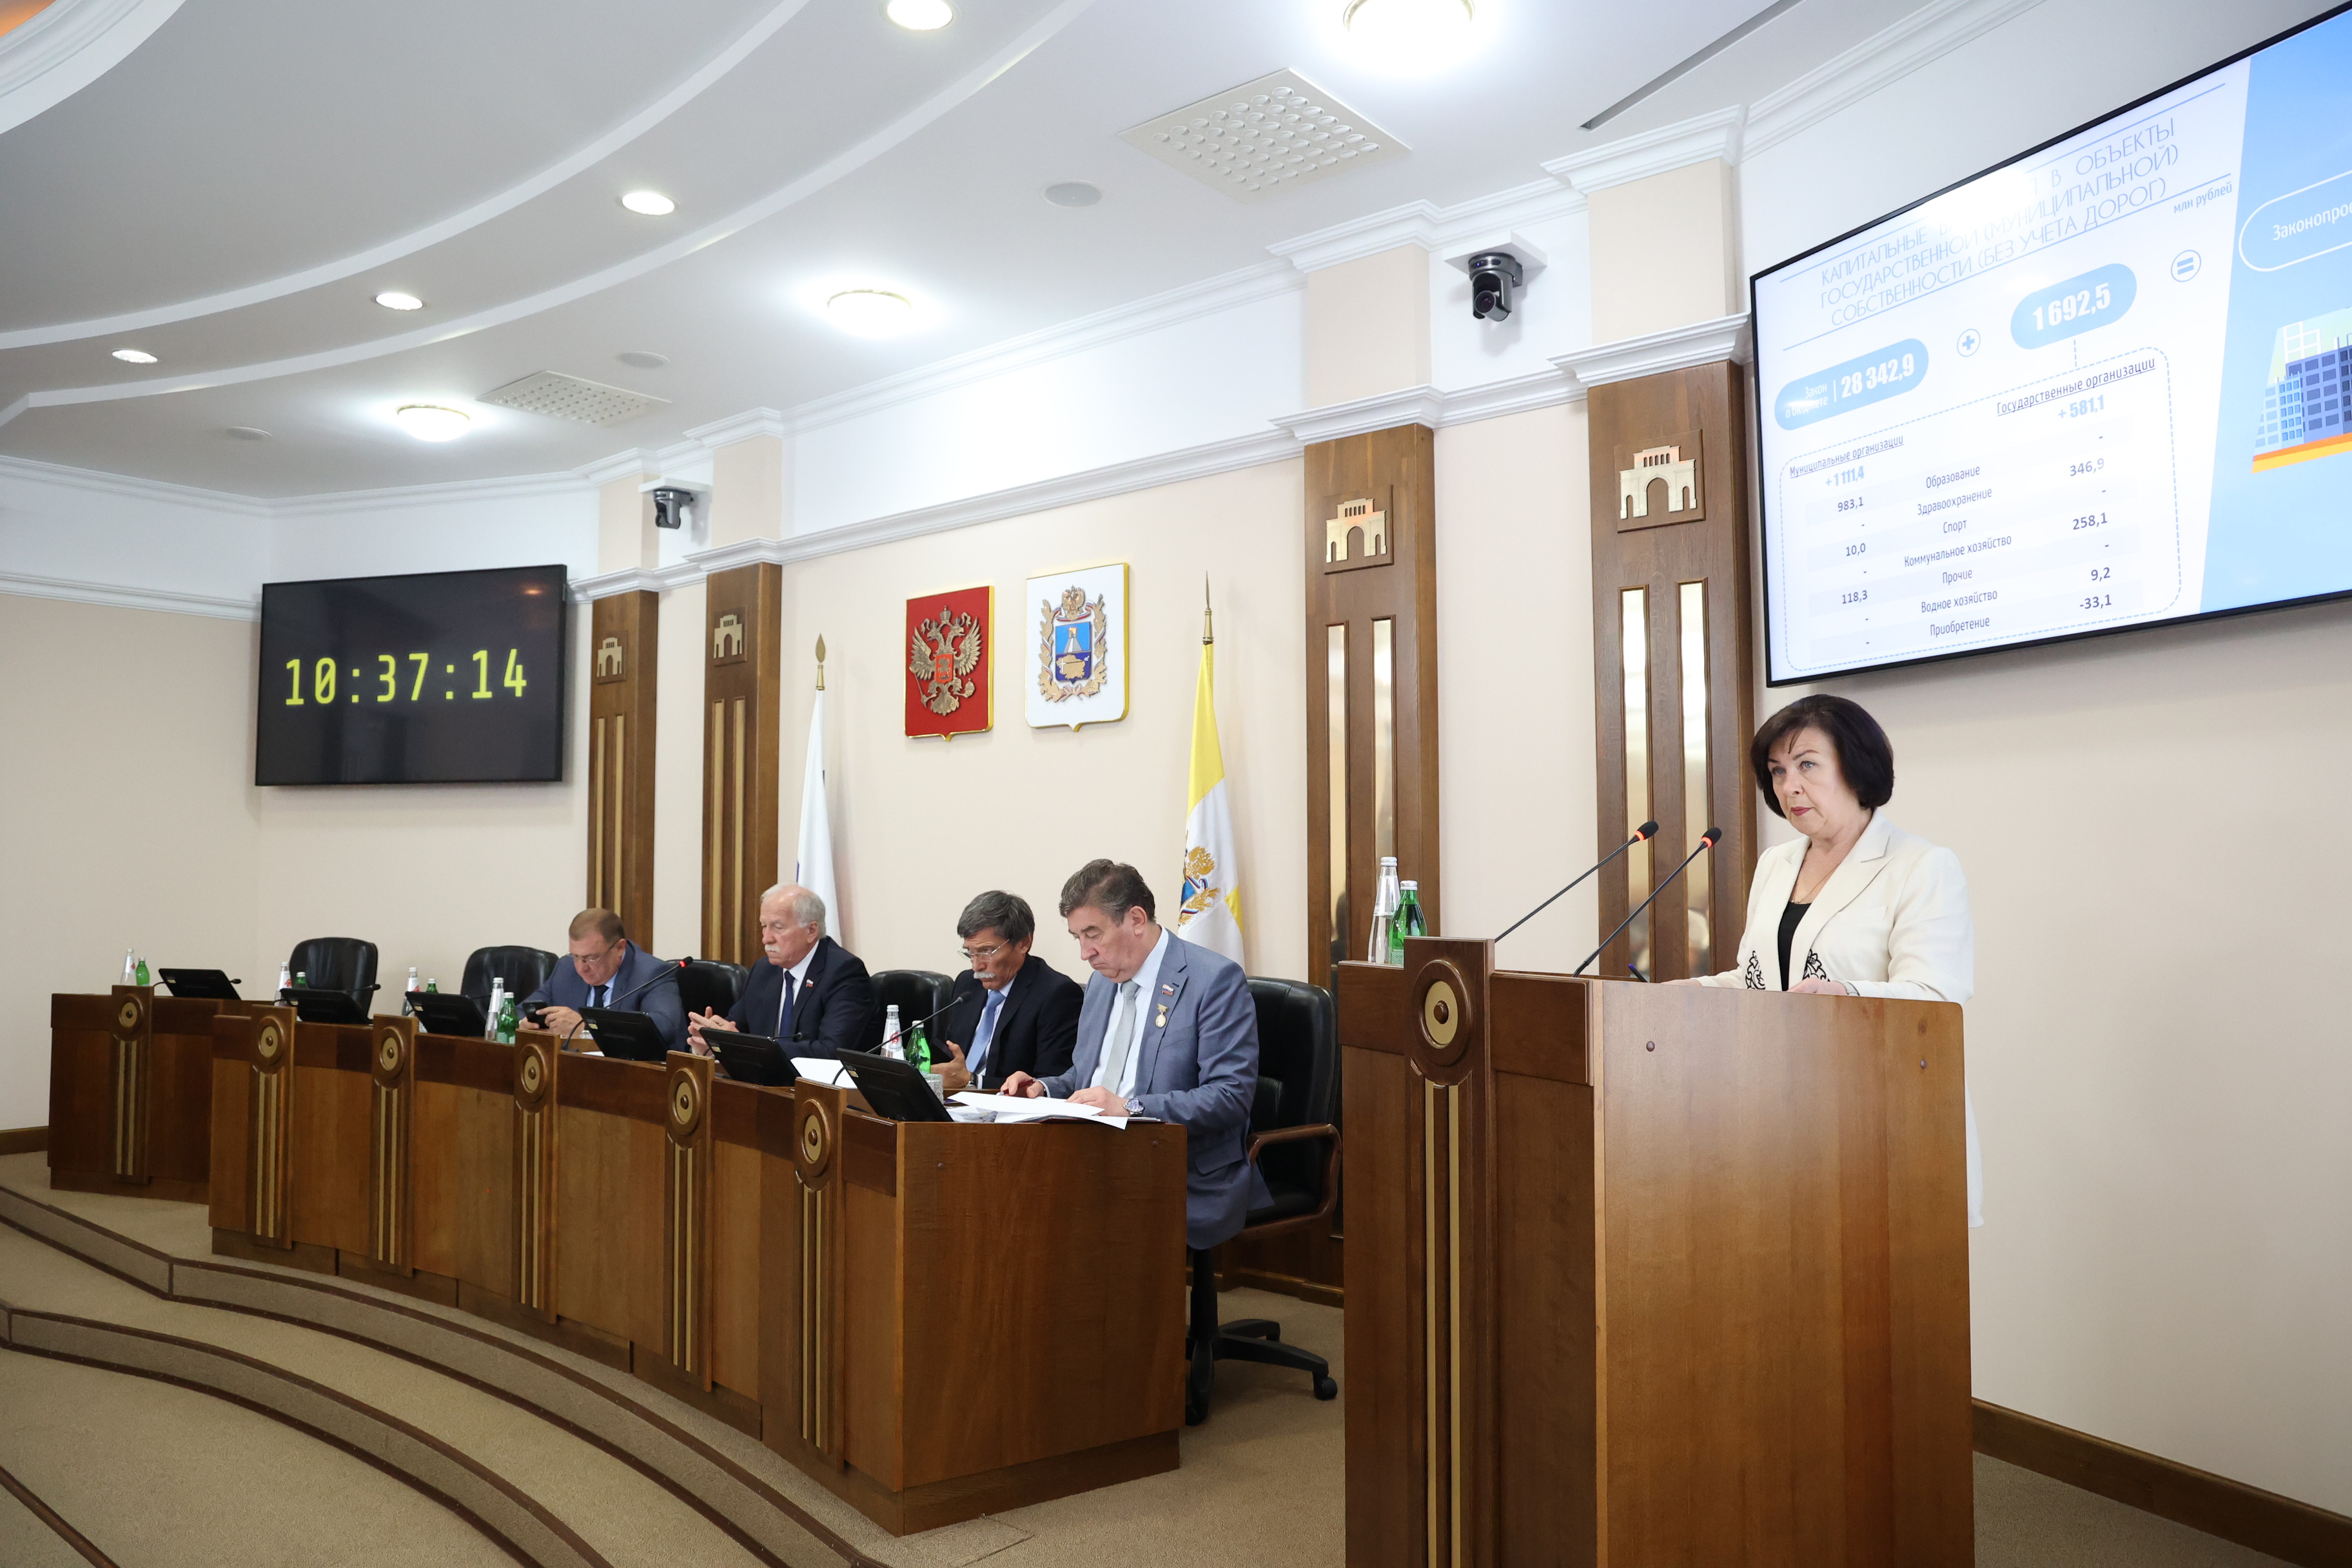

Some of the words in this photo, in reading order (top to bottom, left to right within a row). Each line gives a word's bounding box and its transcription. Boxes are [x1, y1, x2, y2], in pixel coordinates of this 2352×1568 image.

[2076, 118, 2174, 175] ОБЪЕКТЫ
[1984, 144, 2178, 241] (МУНИЦИПАЛЬНОЙ)
[2174, 197, 2193, 214] млн
[2196, 181, 2233, 208] рублей
[1822, 226, 1928, 286] КАПИТАЛЬНЫЕ
[1832, 257, 1972, 326] СОБСТВЕННОСТИ
[1978, 239, 2014, 269] (БЕЗ
[2019, 215, 2077, 252] УЧЕТА
[2084, 177, 2166, 231] ДОРОГ)
[2047, 282, 2110, 326] 692,5
[1841, 371, 1863, 398] 28
[1866, 353, 1915, 389] 342,9
[1997, 380, 2082, 414] Государственные
[2086, 358, 2155, 388] организации
[1804, 382, 1828, 399] Закон
[2070, 394, 2104, 418] 581,1
[1790, 452, 1850, 476] Муниципальные
[1852, 435, 1904, 460] организации
[2070, 457, 2104, 476] 346,9
[1926, 465, 1981, 489] Образование
[1838, 496, 1864, 512] 983,1
[1917, 488, 1992, 516] Здравоохранение
[1943, 520, 1967, 534] Спорт
[2073, 513, 2108, 530] 258,1
[1845, 543, 1866, 557] 10,0
[1904, 545, 1965, 567] Коммунальное
[1967, 535, 2012, 554] хозяйство
[1942, 569, 1973, 585] Прочие
[2091, 567, 2111, 582] 9,2
[1841, 590, 1868, 605] 118,3
[1921, 597, 1952, 613] Водное
[1954, 590, 1997, 608] хозяйство
[2079, 594, 2112, 609] -33,1
[1930, 617, 1990, 638] Приобретение
[285, 648, 527, 706] 10:37:14

| Work order |
The listing is to be repeated exactly, with its pictures removed.

| Task answer |
Some of the words in this photo, in reading order (top to bottom, left to right within a row). Each line gives a word's bounding box and its transcription. Boxes are [x1, y1, x2, y2], in pixel coordinates of this 2352×1568 image.

[2076, 118, 2174, 175] ОБЪЕКТЫ
[1984, 144, 2178, 241] (МУНИЦИПАЛЬНОЙ)
[2174, 197, 2193, 214] млн
[2196, 181, 2233, 208] рублей
[1822, 226, 1928, 286] КАПИТАЛЬНЫЕ
[1832, 257, 1972, 326] СОБСТВЕННОСТИ
[1978, 239, 2014, 269] (БЕЗ
[2019, 215, 2077, 252] УЧЕТА
[2084, 177, 2166, 231] ДОРОГ)
[2047, 282, 2110, 326] 692,5
[1841, 371, 1863, 398] 28
[1866, 353, 1915, 389] 342,9
[1997, 380, 2082, 414] Государственные
[2086, 358, 2155, 388] организации
[1804, 382, 1828, 399] Закон
[2070, 394, 2104, 418] 581,1
[1790, 452, 1850, 476] Муниципальные
[1852, 435, 1904, 460] организации
[2070, 457, 2104, 476] 346,9
[1926, 465, 1981, 489] Образование
[1838, 496, 1864, 512] 983,1
[1917, 488, 1992, 516] Здравоохранение
[1943, 520, 1967, 534] Спорт
[2073, 513, 2108, 530] 258,1
[1845, 543, 1866, 557] 10,0
[1904, 545, 1965, 567] Коммунальное
[1967, 535, 2012, 554] хозяйство
[1942, 569, 1973, 585] Прочие
[2091, 567, 2111, 582] 9,2
[1841, 590, 1868, 605] 118,3
[1921, 597, 1952, 613] Водное
[1954, 590, 1997, 608] хозяйство
[2079, 594, 2112, 609] -33,1
[1930, 617, 1990, 638] Приобретение
[285, 648, 527, 706] 10:37:14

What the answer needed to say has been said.